Japan's Debt Crisis Raises Alarms for Italy's Fiscal Future, Analysts Warn

Currency and bond-market turmoil in Tokyo mirrors unsustainable spending patterns in Rome, Paris, and London

Adriana Sole508 wordsEdition45Tuesday, 14 July 2026 — Edition № 45

Japan's plunge toward a full-blown currency and bond-market crisis is drawing international attention to the fiscal vulnerabilities of other large economies, including Italy. According to Project Syndicate, the Japanese yen has slumped to a 40-year low despite the Bank of Japan spending more than $70 billion in May to prop up the currency, while Japanese long-term bond yields have surged to multi-decade highs following the end of yield-curve-control policy. The commentary warns that a crisis in one major economy often triggers investor scrutiny of others facing similar problems, naming Italy, France, and the United Kingdom as countries on potentially unsustainable fiscal paths.

For Italy, the warning carries particular weight.

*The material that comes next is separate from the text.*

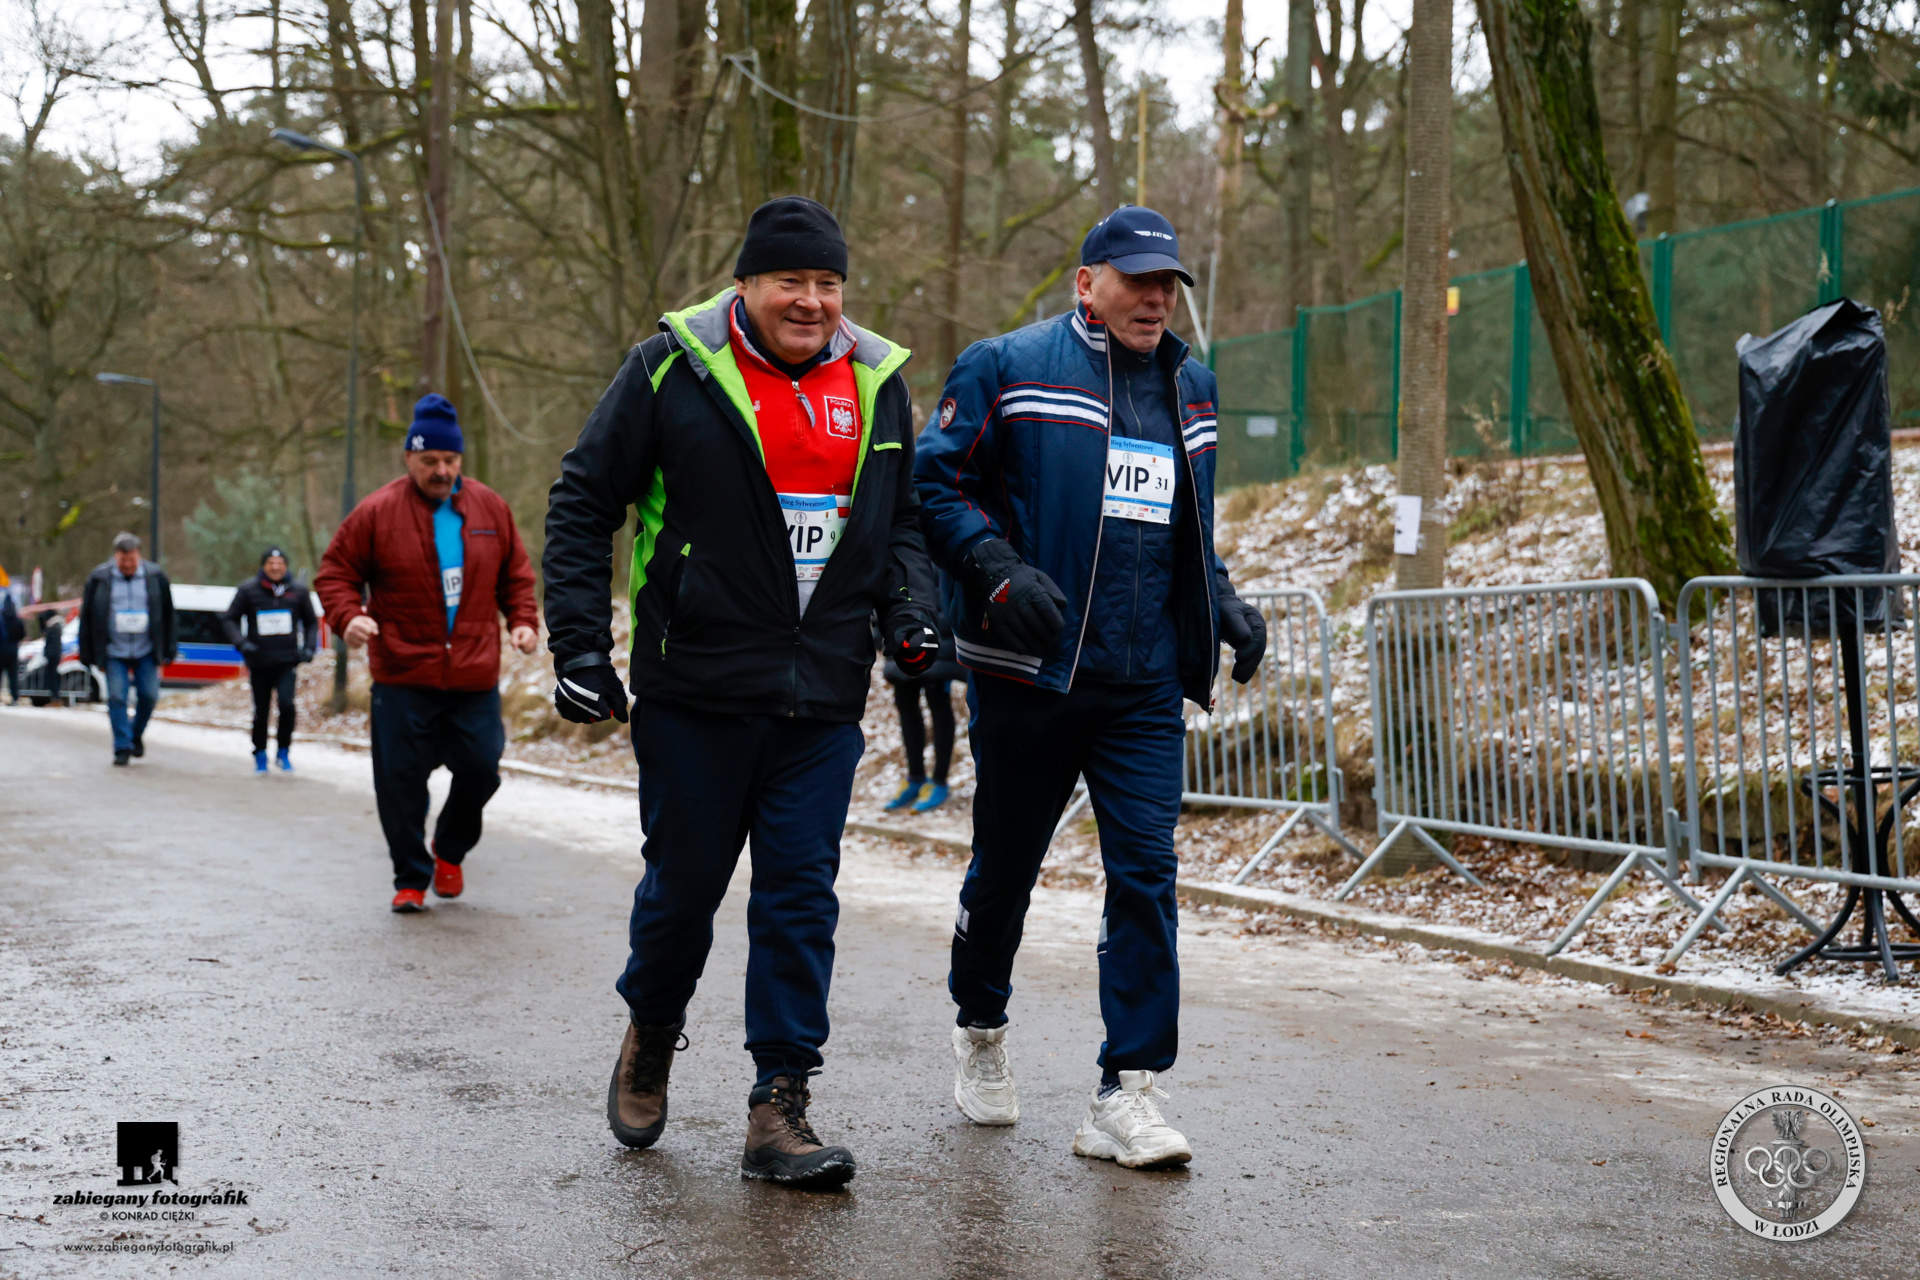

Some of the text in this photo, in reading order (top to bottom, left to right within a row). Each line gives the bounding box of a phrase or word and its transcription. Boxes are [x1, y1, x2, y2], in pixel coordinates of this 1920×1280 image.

[1108, 464, 1168, 492] VIP 31
[830, 530, 836, 544] 9

Rome carries one of Europe's largest public debt burdens, a structural challenge that foreign observers have long cited as a vulnerability. The Estero desk's mandate includes tracking how global economic shifts affect Italy's standing in international markets. Japan's experience suggests that currency devaluation and bond-market instability can accelerate rapidly once investor confidence erodes, a sequence Italy has narrowly avoided in recent years but remains exposed to should broader economic conditions deteriorate.

The comparison is not exact: Japan's yen weakness stems partly from interest-rate differentials and carry-trade unwinds, dynamics distinct from Italy's euro-denominated debt challenges. Yet the underlying concern—that prolonged fiscal imbalances can trigger sudden market repricing—applies across advanced economies. Project Syndicate notes that Japan has shown "no signs" of addressing the root causes of its currency's decline, a pattern that raises questions about how quickly policy responses can stabilize markets once confidence is lost.

Italy's fiscal position differs from Japan's in structure but shares a common vulnerability: both nations face ageing populations, slow growth, and high debt-to-GDP ratios. Italy's public debt stands at roughly 140 percent of GDP, among the highest in the eurozone, while its growth rate has lagged peers for years. The Project Syndicate analysis suggests that investors increasingly view fiscal sustainability as a spectrum rather than a binary condition, meaning that any signal of deteriorating fiscal discipline—or external shock that raises borrowing costs—can trigger rapid repricing across bond and currency markets.

For Rome's multilateral relationships, the warning also carries diplomatic weight. Italy's ability to maintain credibility within the EU partly depends on investor confidence in its fiscal trajectory. A market crisis in another G7 member could redirect global capital flows in ways that raise Italy's borrowing costs or weaken the euro, constraining Rome's policy flexibility. The commentary does not name specific policy responses Italy should pursue, but it implies that the window for preventive fiscal adjustment may be narrowing as global conditions tighten.

The Estero bureau's reading of this analysis emphasizes that Italy's vulnerability is not immediate but real. Tokyo's crisis is unfolding in real time, and market contagion—while not inevitable—is a material risk that Italy's government and central bank are likely monitoring closely. How the Italian government responds to both the Japan alarm and Trump's NATO spending demands will test Rome's ability to balance external pressures with domestic fiscal constraints.